Task goal — Every line from the one holding "Some of the text" through the last line of the records must be retyped exactly, and no other line or picture may appear in the copy.

(Phrase grounding data)
[Start of section]

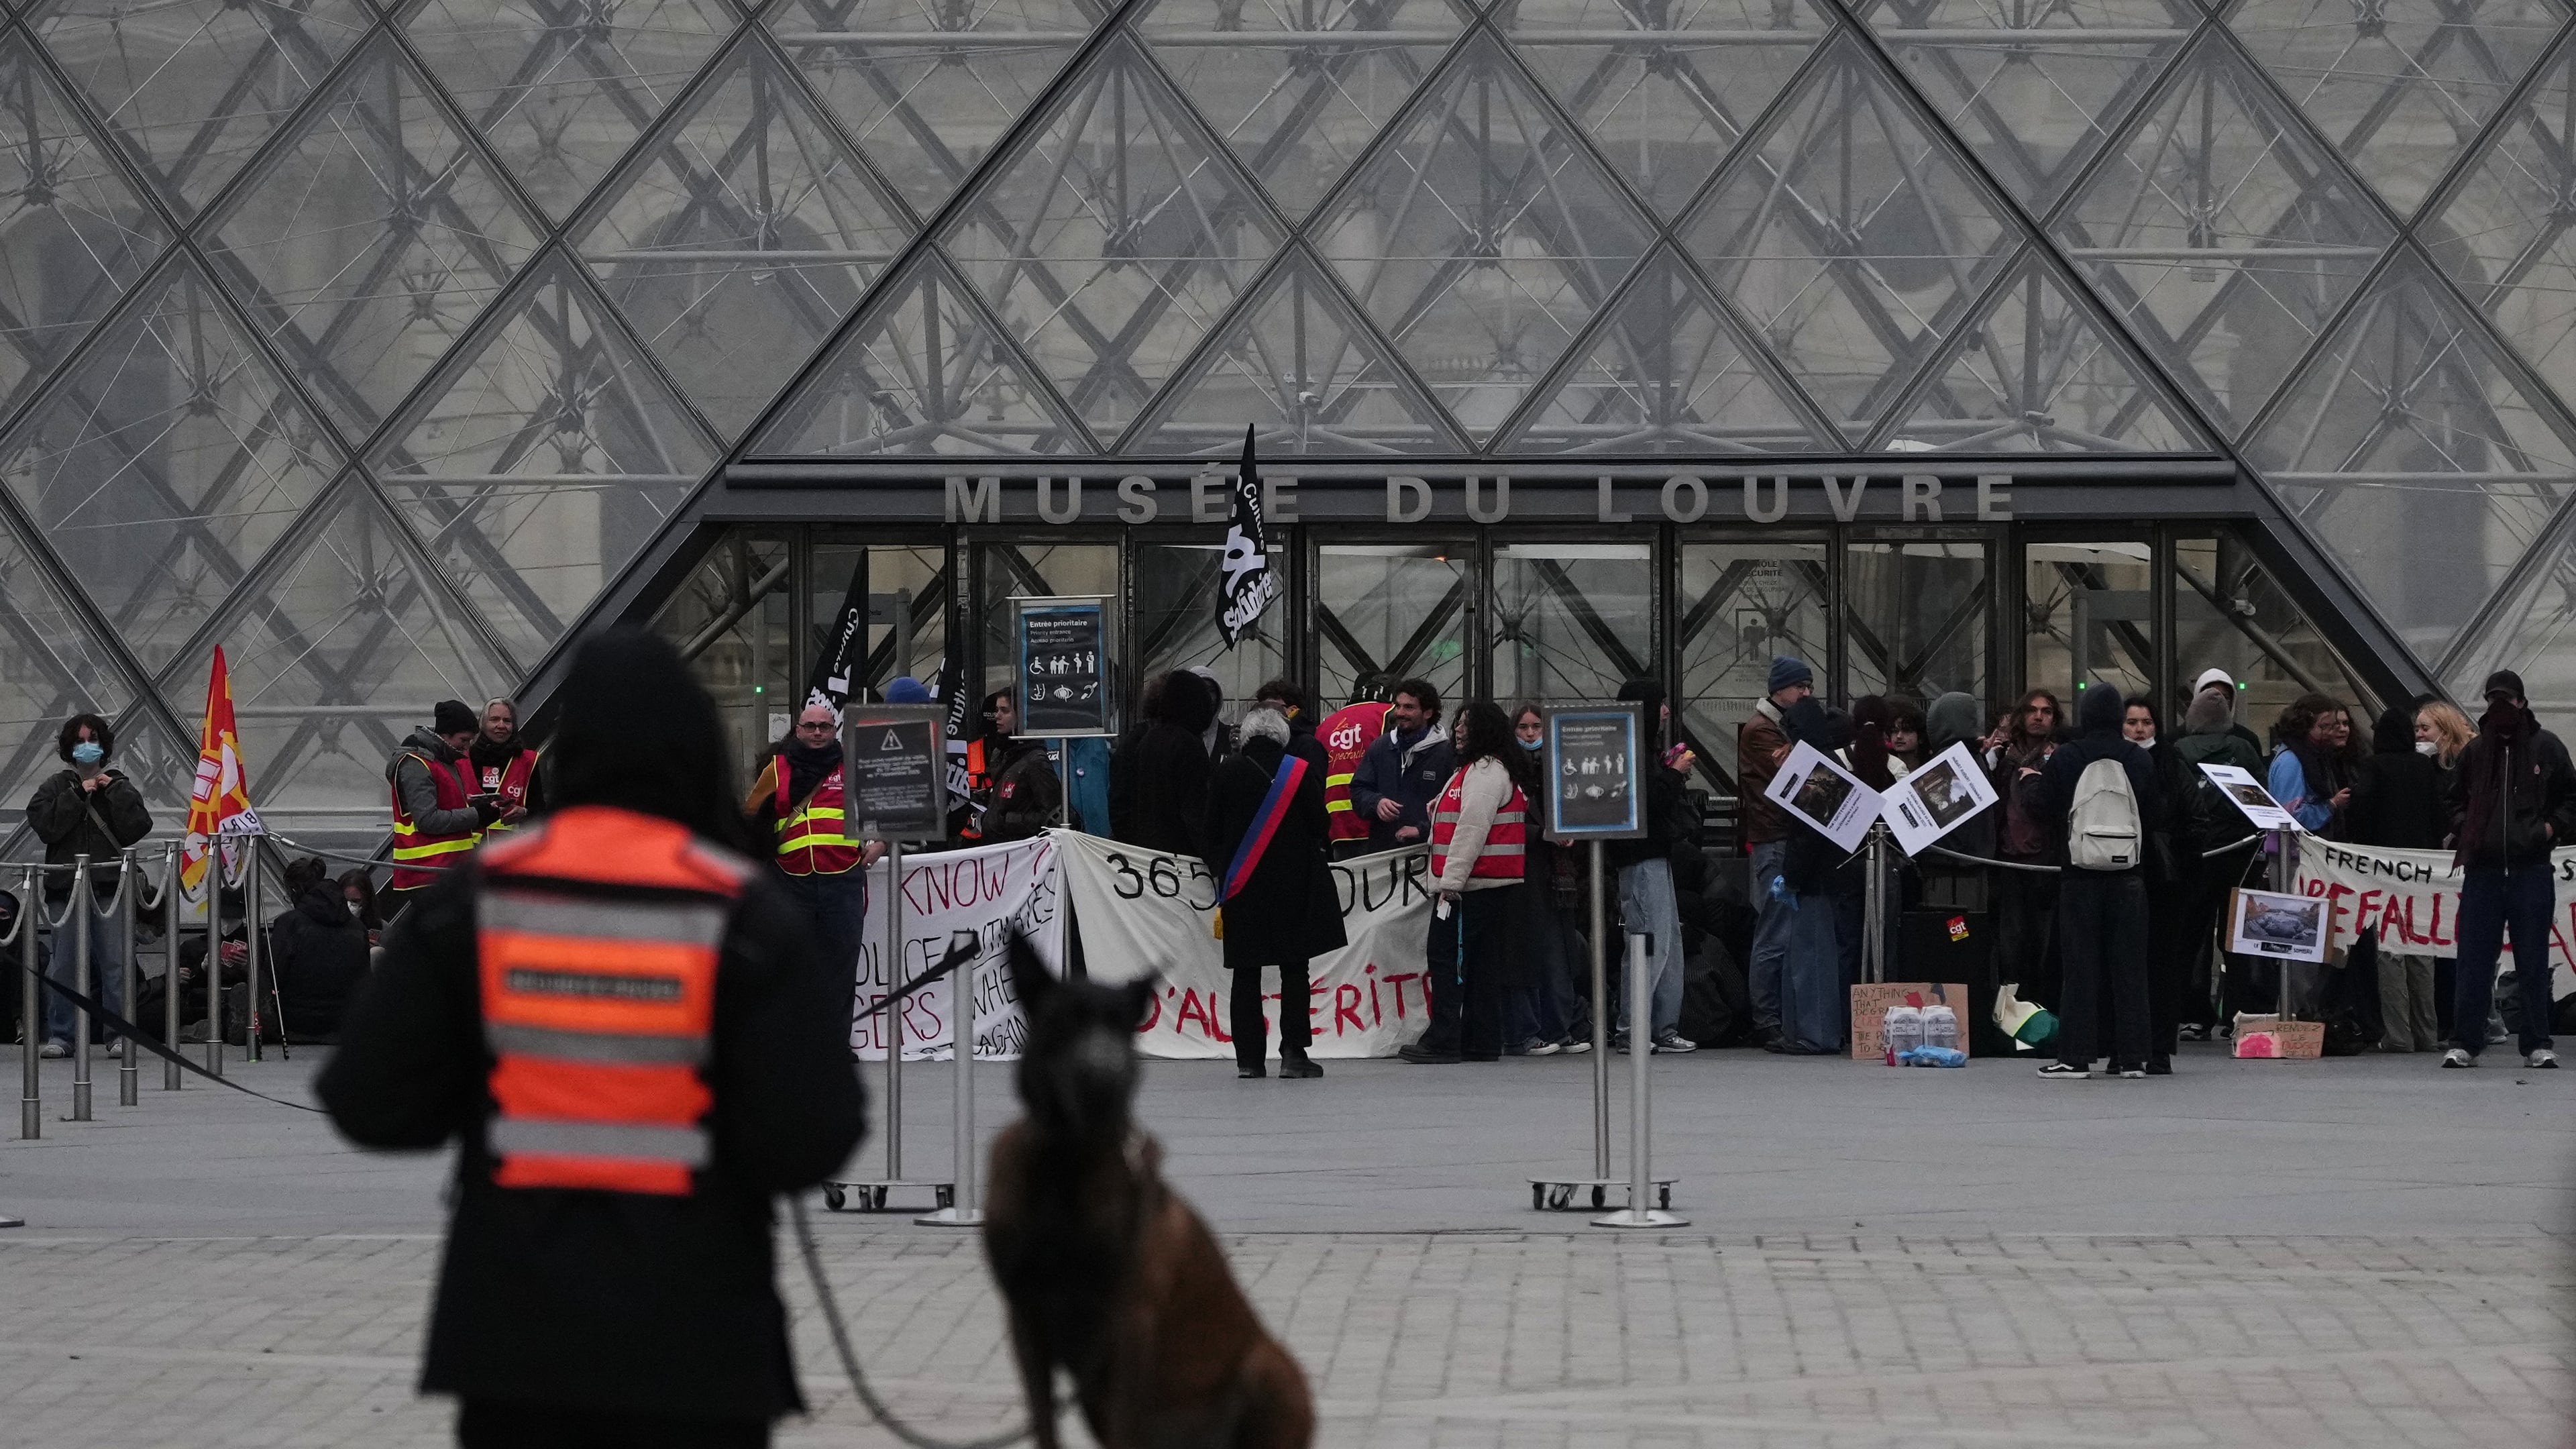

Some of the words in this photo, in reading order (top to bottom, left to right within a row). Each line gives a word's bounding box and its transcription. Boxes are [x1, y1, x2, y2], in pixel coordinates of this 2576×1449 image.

[945, 462, 1300, 524] MUSÉE
[1387, 475, 1509, 524] DU
[1598, 475, 2014, 524] LOUVRE
[1243, 482, 1265, 551] Culture
[1053, 619, 1088, 629] prioritaire
[1224, 570, 1273, 643] Solidaire
[1330, 723, 1362, 749] cgt
[484, 775, 500, 784] cgt
[1107, 853, 1218, 910] 365
[2326, 847, 2433, 883] FRENCH
[901, 853, 1009, 916] KNOW
[1949, 921, 1967, 934] cgt
[2275, 1023, 2321, 1033] RENDEZ
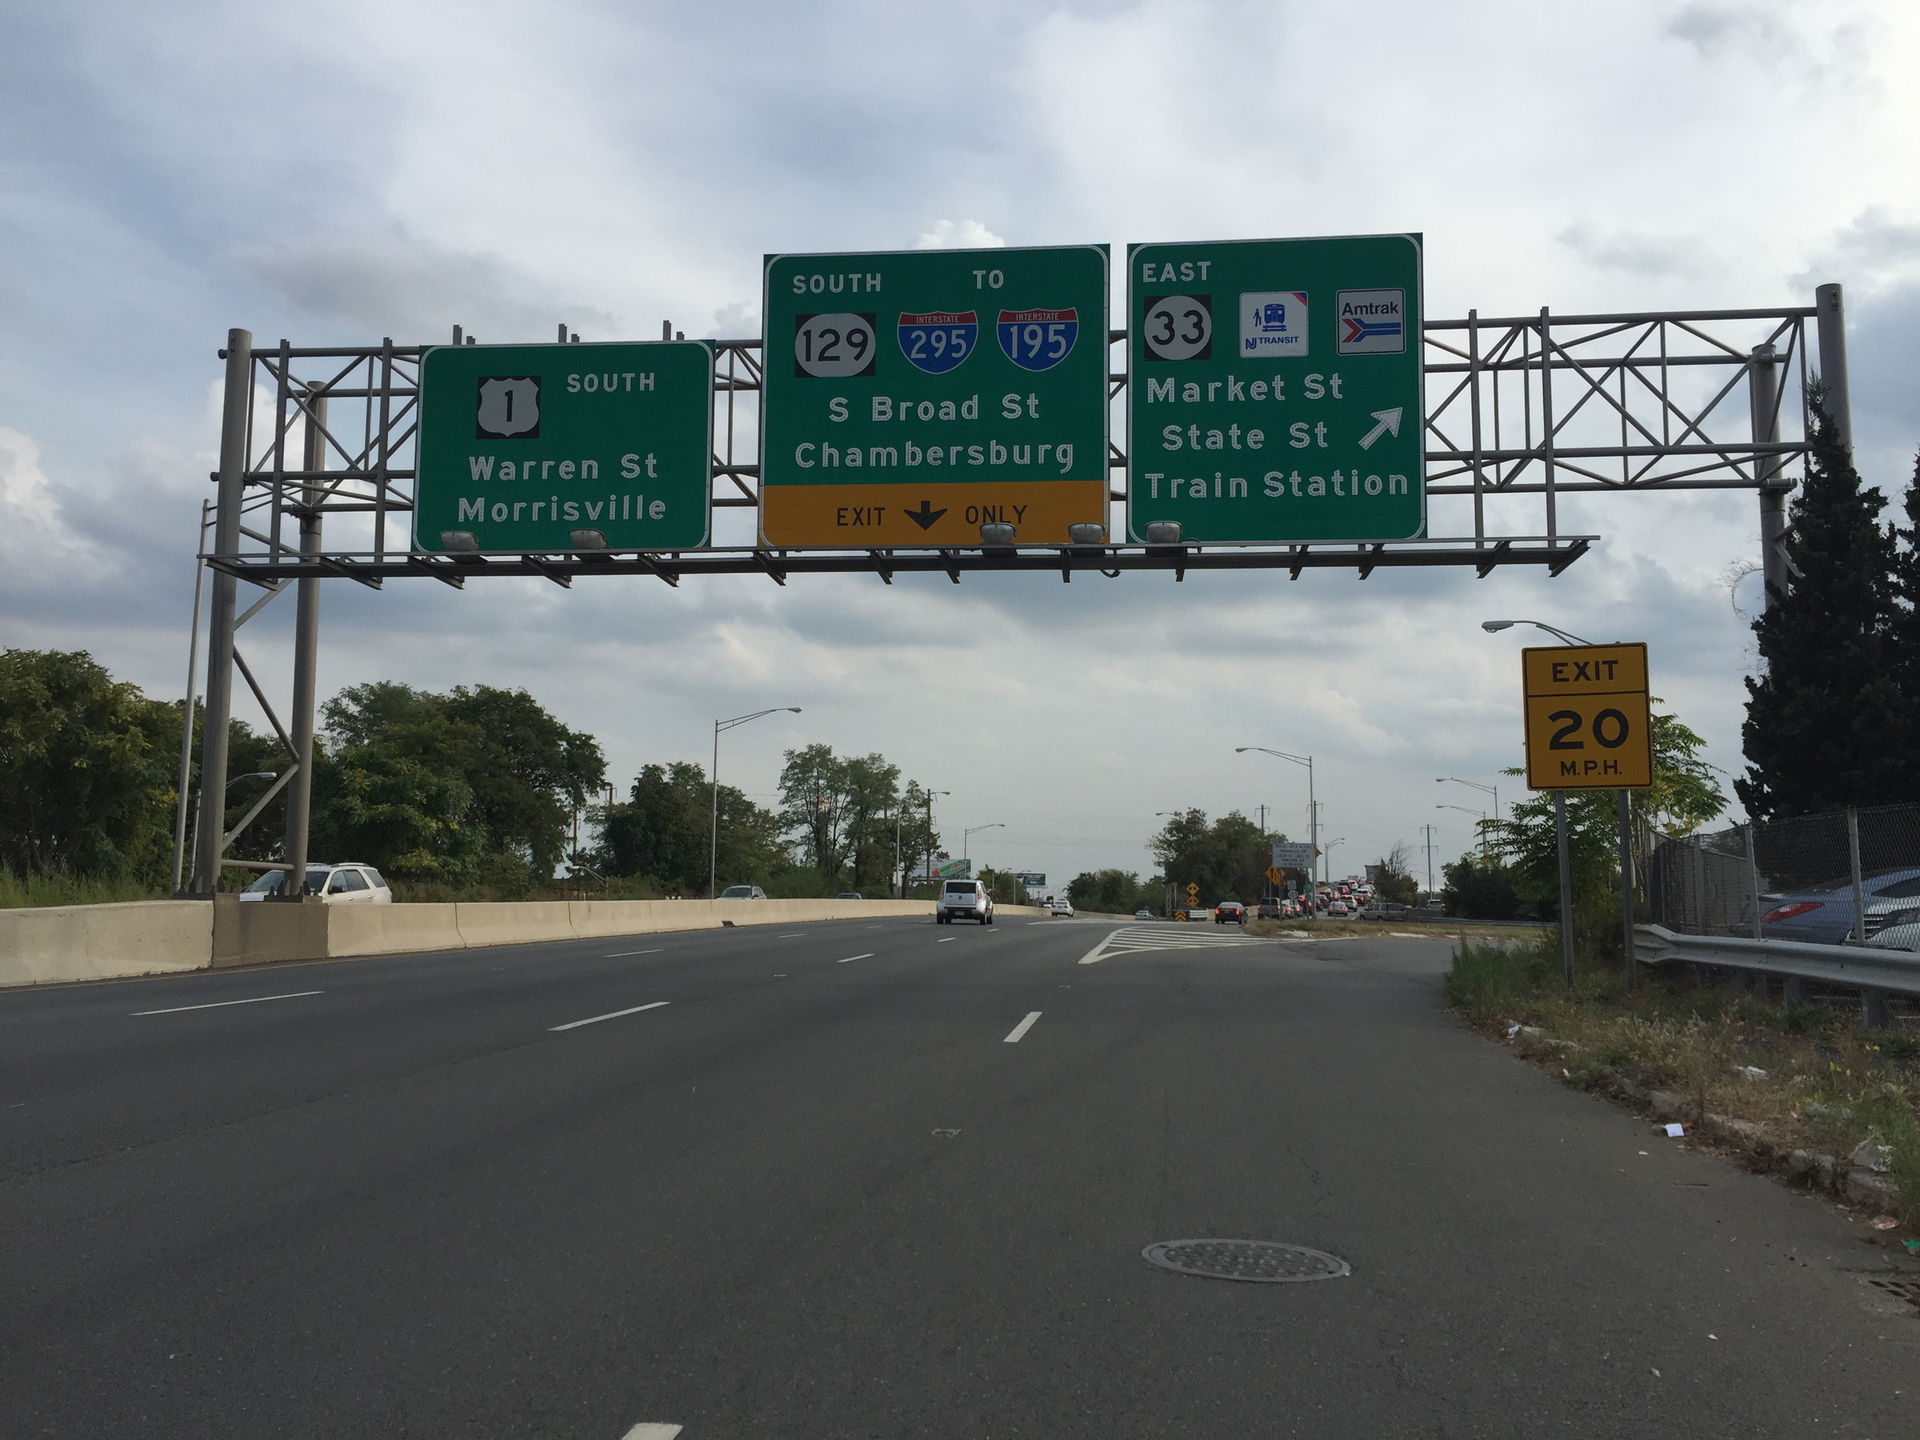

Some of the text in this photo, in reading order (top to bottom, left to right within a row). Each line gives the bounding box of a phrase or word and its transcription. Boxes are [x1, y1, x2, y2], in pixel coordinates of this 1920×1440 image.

[792, 273, 882, 294] SOUTH
[973, 270, 1004, 289] TO
[1142, 261, 1212, 283] EAST
[916, 315, 959, 324] INTERSTATE
[1015, 312, 1059, 321] INTERSTATE
[1342, 301, 1399, 316] Amtrak
[1152, 310, 1205, 345] 33
[803, 328, 869, 362] 129
[910, 329, 967, 359] 295
[1010, 324, 1066, 359] 195
[1245, 336, 1299, 350] NJ TRANSIT
[567, 373, 655, 392] SOUTH
[1147, 373, 1343, 403] Market St
[504, 390, 513, 422] 1
[829, 393, 1039, 422] S Broad St
[1162, 422, 1328, 450] State St
[469, 453, 658, 480] Warren St
[795, 439, 1073, 474] Chambersburg
[1145, 470, 1408, 498] Train Station
[458, 495, 666, 522] Morrisville
[836, 505, 1028, 526] EXIT ONLY
[1552, 660, 1618, 682] EXIT
[1548, 709, 1629, 750] 20
[1561, 760, 1622, 776] M.P.H.
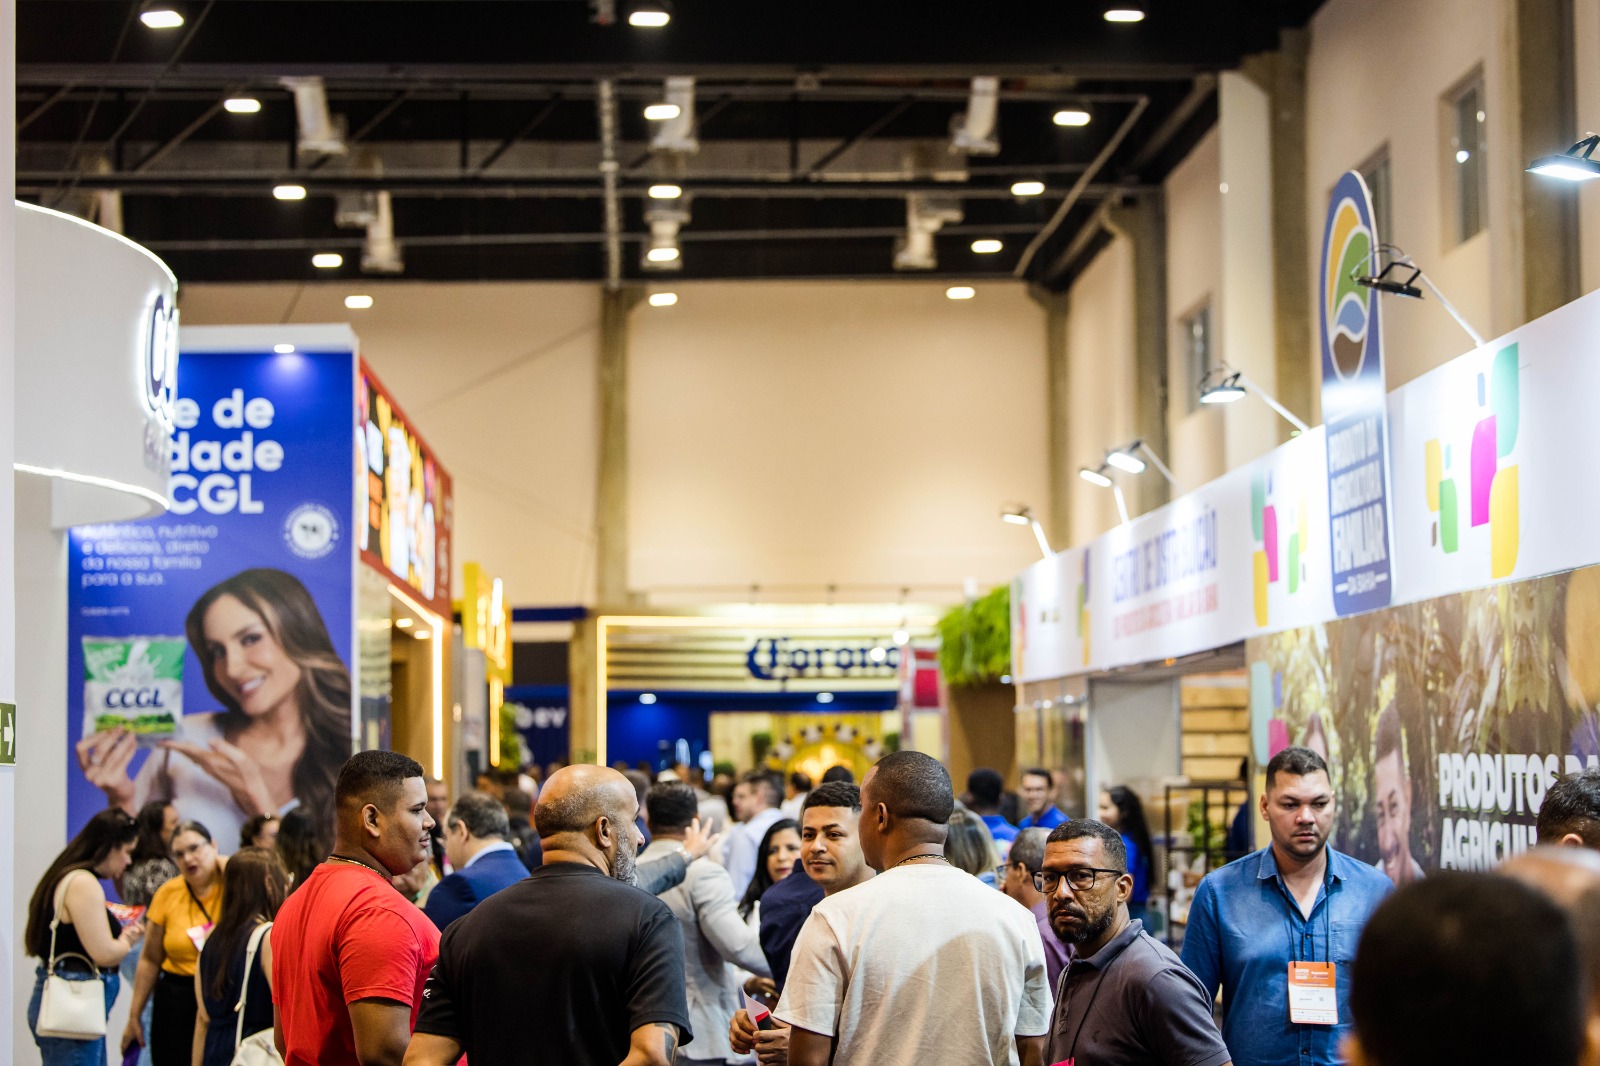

[End of section]

Result for this task —
Some of the text in this photo, in reading order (top to bottom, left to right within a row). Each line gives the bounding box of a phrase or word and its transcription. Boxes are [x1, y1, x2, y2], in pixel coordinates of this 1920×1440 image.

[792, 273, 882, 294] SOUTH
[973, 270, 1004, 289] TO
[1142, 261, 1212, 283] EAST
[916, 315, 959, 324] INTERSTATE
[1015, 312, 1059, 321] INTERSTATE
[1342, 301, 1399, 316] Amtrak
[1152, 310, 1205, 345] 33
[803, 328, 869, 362] 129
[910, 329, 967, 359] 295
[1010, 324, 1066, 359] 195
[1245, 336, 1299, 350] NJ TRANSIT
[567, 373, 655, 392] SOUTH
[1147, 373, 1343, 403] Market St
[504, 390, 513, 422] 1
[829, 393, 1039, 422] S Broad St
[1162, 422, 1328, 450] State St
[469, 453, 658, 480] Warren St
[795, 439, 1073, 474] Chambersburg
[1145, 470, 1408, 498] Train Station
[458, 495, 666, 522] Morrisville
[836, 505, 1028, 526] EXIT ONLY
[1552, 660, 1618, 682] EXIT
[1548, 709, 1629, 750] 20
[1561, 760, 1622, 776] M.P.H.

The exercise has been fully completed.